For the nine months, replacement cost (RC) loss* was $18,929 million, compared with a profit of $3,519 million in 2019. Underlying RC loss* was $5,805 million, compared with a profit of $7,423 million in 2019. Underlying RC loss is after adjusting RC loss for a net charge for non-operating items* of $13,357 million and net favourable fair value accounting effects* of $233 million (both on a post-tax basis).
For the third quarter, RC loss was $644 million, compared with $351 million in 2019. Underlying RC profit was $86 million, compared with $2,254 million in 2019. Underlying RC profit is after adjusting RC loss for a net charge for non-operating items of $1,109 million and net favourable fair value accounting effects of $379 million (both on a post-tax basis).
See further information on pages 6, 30 and 31.
Depreciation, depletion and amortization
The charge for depreciation, depletion and amortization was $3.5 billion in the quarter and $11.5 billion in the nine months, compared with $4.3 billion and $13.3 billion for the same periods in 2019. BP now expects the 2020 full-year charge to be around 15% lower than 2019.
Effective tax rate
The effective tax rate (ETR) on the profit or loss for the third quarter and nine months was 305% and 14% respectively, compared with -2,824% and 47% for the same periods in 2019.
The ETR on RC profit or loss* for the third quarter and nine months was -504% and 13% respectively, compared with 168% and 49% for the same periods in 2019. Adjusting for non-operating items and fair value accounting effects, the underlying ETR* for the third quarter and nine months was 64% and -10% respectively, compared with 40% and 38% for the same periods a year ago. The higher underlying ETR for the third quarter reflects changes in the mix of profits and losses. The lower underlying ETR for the nine months mainly reflects the exploration write-offs with a limited deferred tax benefit and the reassessment of deferred tax asset recognition in the second quarter. ETR on RC profit or loss and underlying ETR are non-GAAP measures.
Dividend
BP today announced a quarterly dividend of 5.25 cents per ordinary share ($0.315 per ADS), which is expected to be paid on 18 December 2020. The corresponding amount in sterling will be announced on 7 December 2020. See page 27 for more information.
Share buybacks
BP repurchased 120 million ordinary shares at a cost of $776 million (including fees and stamp duty) in the nine months of 2020, all of which was completed in the first quarter. In January 2020, the share dilution buyback programme had fully offset the impact of scrip dilution since the third quarter 2017.
Operating cash flow*
Operating cash flow was $5.2 billion for the third quarter and $9.9 billion for the nine months, including the impact of Gulf of Mexico oil spill payments of $0.1 billion and $1.5 billion respectively, compared with $6.1 billion and $18.2 billion for the same periods in 2019.
Capital expenditure*
Total capital expenditure for the third quarter and nine months was $3.6 billion and $10.6 billion respectively, compared with $4.0 billion and $15.3 billion for the same periods in 2019.

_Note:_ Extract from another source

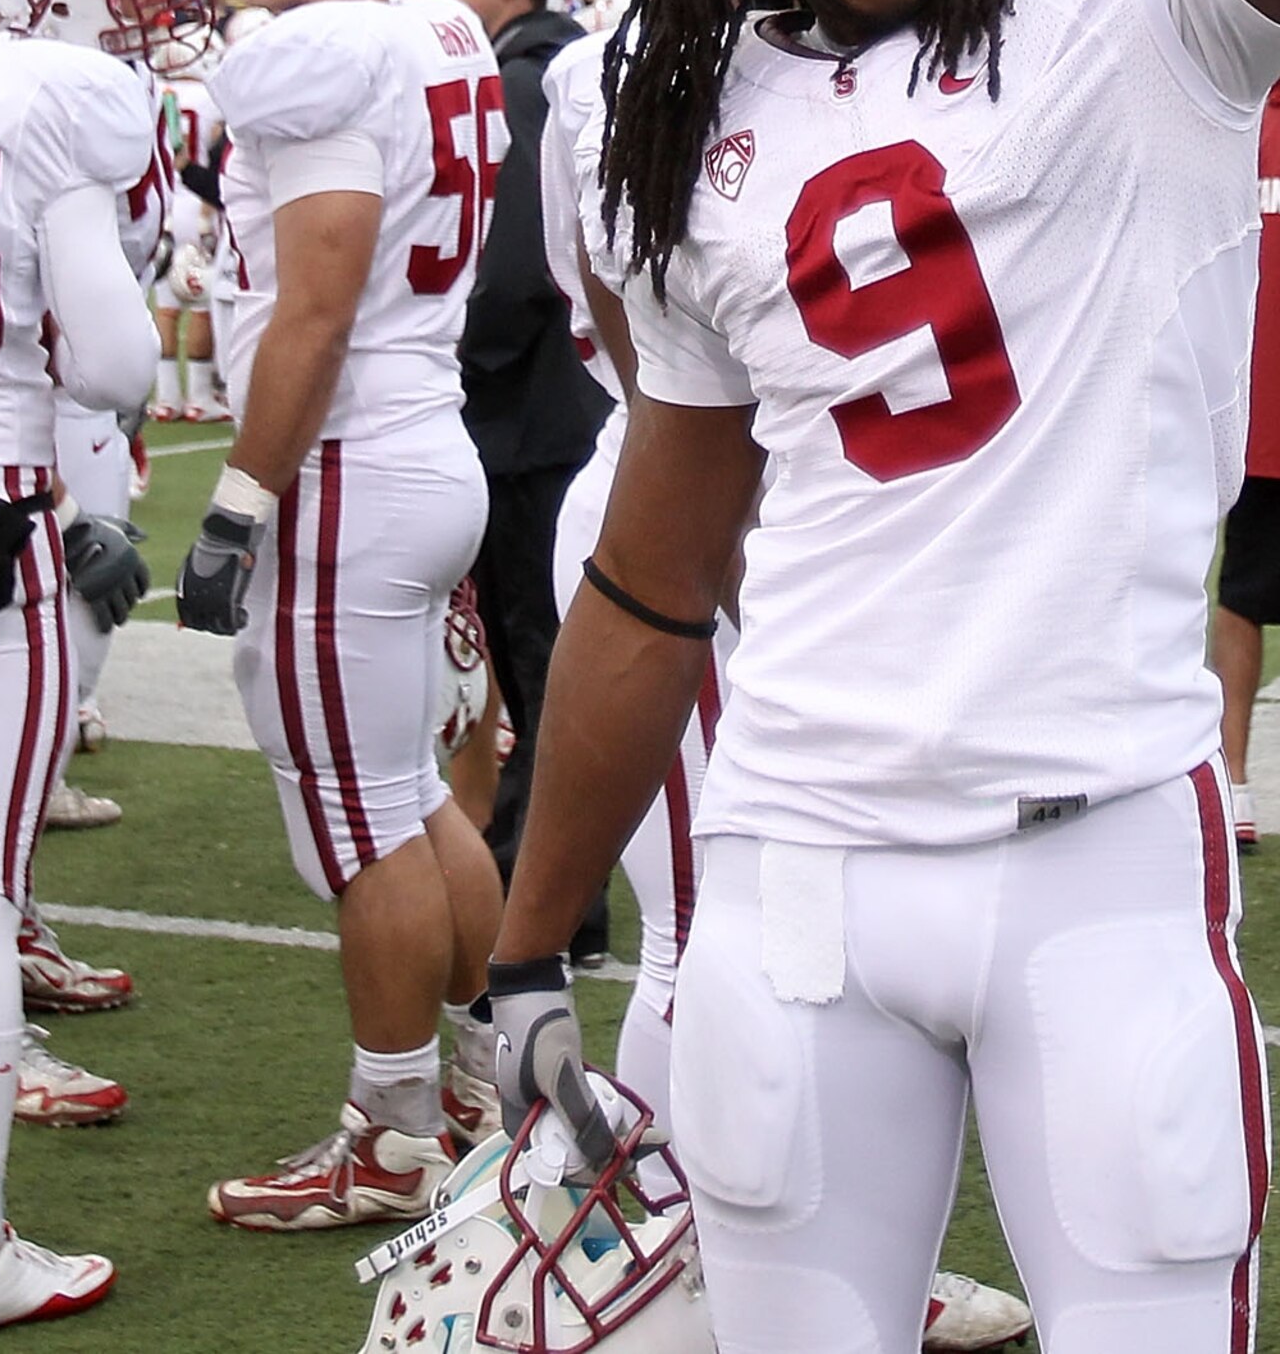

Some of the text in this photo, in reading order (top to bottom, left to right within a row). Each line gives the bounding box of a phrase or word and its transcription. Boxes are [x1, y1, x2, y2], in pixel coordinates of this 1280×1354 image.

[707, 132, 752, 179] PAC
[720, 160, 745, 192] 10
[784, 138, 1023, 484] 9
[386, 1211, 449, 1260] schutt

Organic capital expenditure* for the third quarter and nine months was $2.5 billion and $9.1 billion respectively, compared with $3.9 billion and $11.3 billion for the same periods in 2019.
Inorganic capital expenditure* for the third quarter and nine months was $1.1 billion and $1.5 billion respectively, compared with $0.1 billion and $4.0 billion for the same periods in 2019.
BP expects total capital expenditure for 2021 to be at the lower end of a $13-15 billion range.
Organic capital expenditure and inorganic capital expenditure are non-GAAP measures. See page 29 for further information.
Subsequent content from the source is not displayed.